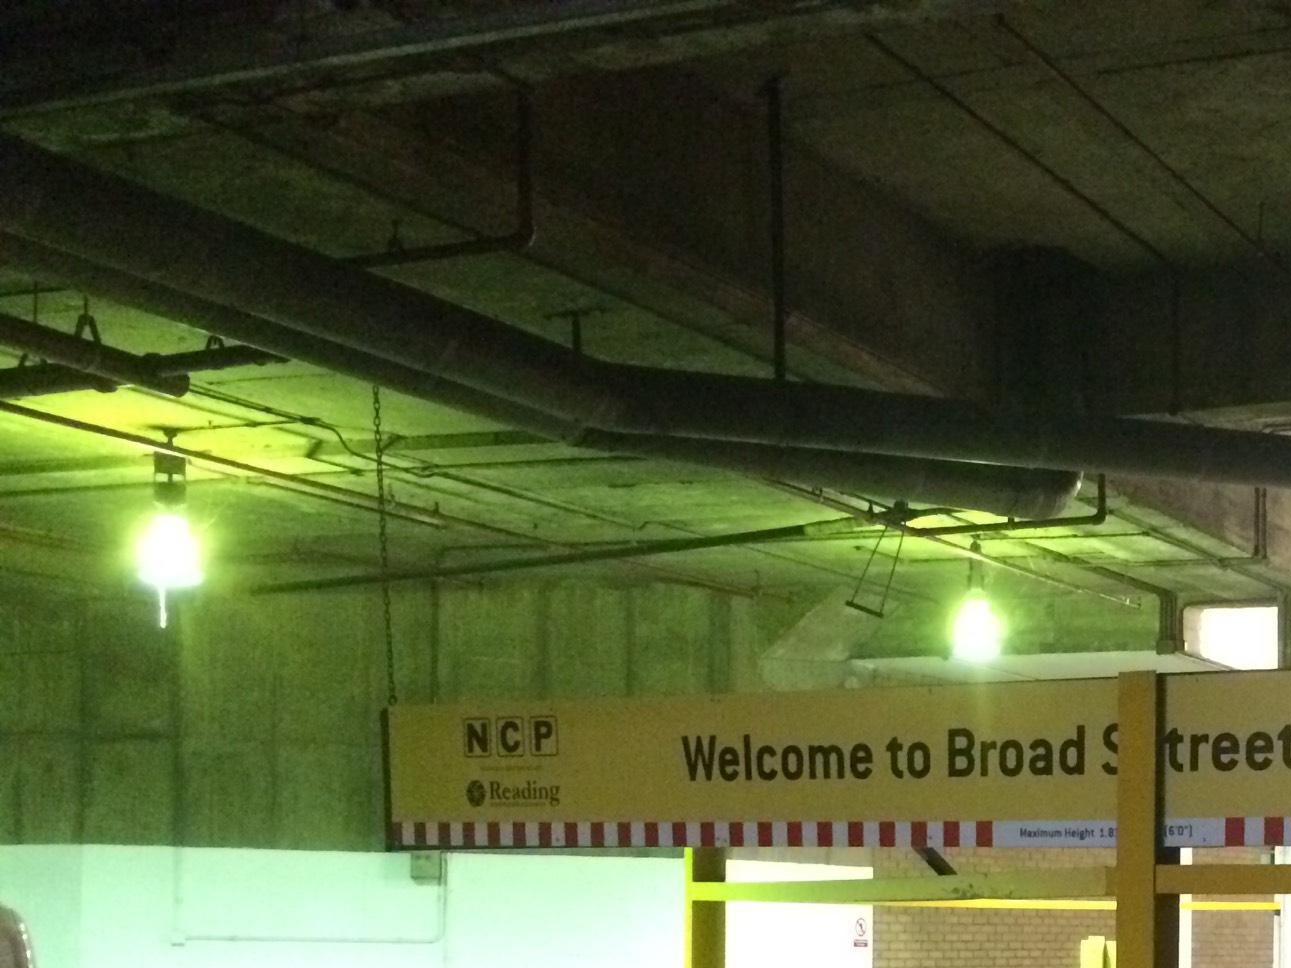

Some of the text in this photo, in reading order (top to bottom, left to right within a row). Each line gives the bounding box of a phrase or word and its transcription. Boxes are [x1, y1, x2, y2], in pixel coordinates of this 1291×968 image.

[466, 720, 553, 754] NCP
[681, 734, 873, 782] Welcome
[886, 737, 931, 778] to
[947, 725, 1086, 778] Broad
[490, 780, 560, 807] Reading
[1019, 827, 1062, 839] Maximum
[1064, 826, 1095, 841] Height

## Goal of the exercise:
With the images removed, write out all of the material above exactly.

## Task answer:
Some of the text in this photo, in reading order (top to bottom, left to right within a row). Each line gives the bounding box of a phrase or word and its transcription. Boxes are [x1, y1, x2, y2], in pixel coordinates of this 1291×968 image.

[466, 720, 553, 754] NCP
[681, 734, 873, 782] Welcome
[886, 737, 931, 778] to
[947, 725, 1086, 778] Broad
[490, 780, 560, 807] Reading
[1019, 827, 1062, 839] Maximum
[1064, 826, 1095, 841] Height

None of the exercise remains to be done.